* [Assignment]: Transcribe every entry exactly, leaving out any pictures.

* [Records from a dataset]:
======

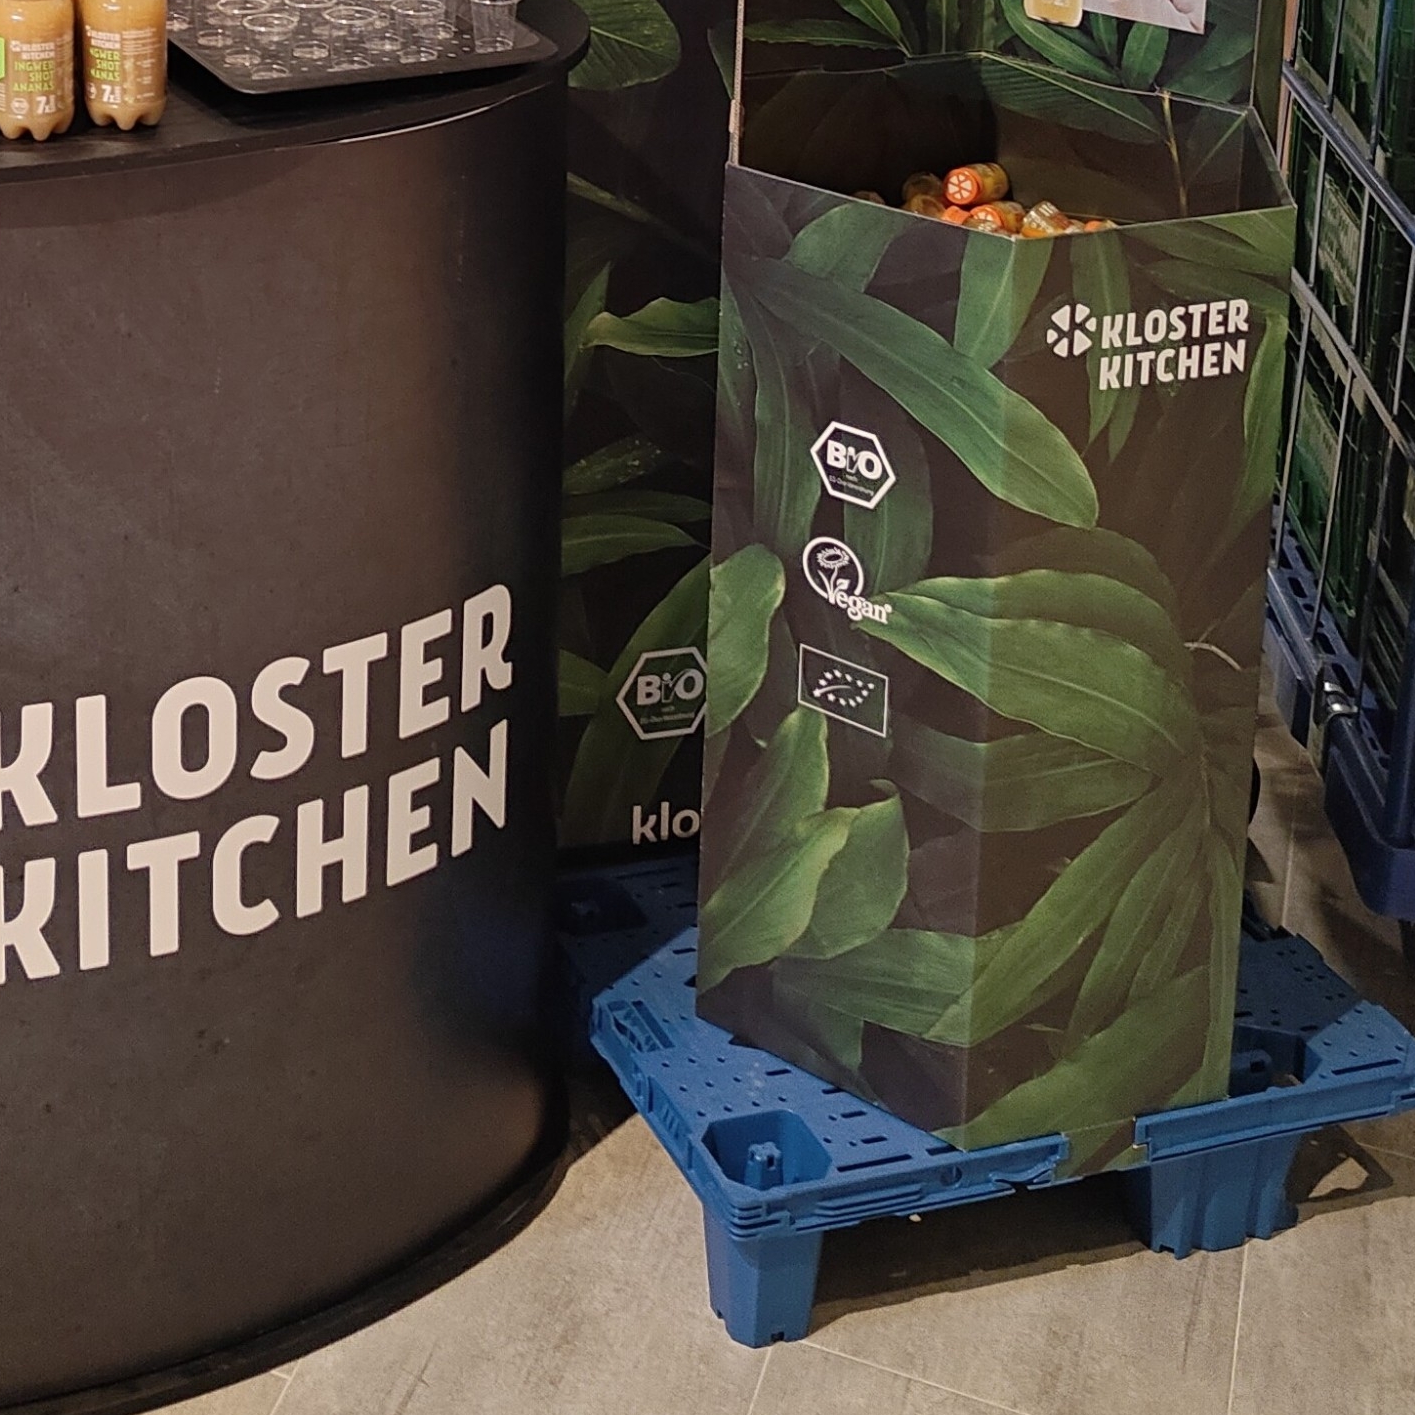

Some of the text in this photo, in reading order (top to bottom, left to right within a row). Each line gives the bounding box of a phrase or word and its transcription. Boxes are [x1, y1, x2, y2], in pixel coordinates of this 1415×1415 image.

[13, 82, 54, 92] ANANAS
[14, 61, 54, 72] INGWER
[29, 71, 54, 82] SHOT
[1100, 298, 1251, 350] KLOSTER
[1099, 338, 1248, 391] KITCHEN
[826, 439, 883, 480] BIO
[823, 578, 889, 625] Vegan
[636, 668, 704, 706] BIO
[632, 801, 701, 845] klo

======

* [Solution to the exercise]:
Some of the text in this photo, in reading order (top to bottom, left to right within a row). Each line gives the bounding box of a phrase or word and its transcription. Boxes are [x1, y1, x2, y2], in pixel coordinates of this 1415×1415 image.

[13, 82, 54, 92] ANANAS
[14, 61, 54, 72] INGWER
[29, 71, 54, 82] SHOT
[1100, 298, 1251, 350] KLOSTER
[1099, 338, 1248, 391] KITCHEN
[826, 439, 883, 480] BIO
[823, 578, 889, 625] Vegan
[636, 668, 704, 706] BIO
[632, 801, 701, 845] klo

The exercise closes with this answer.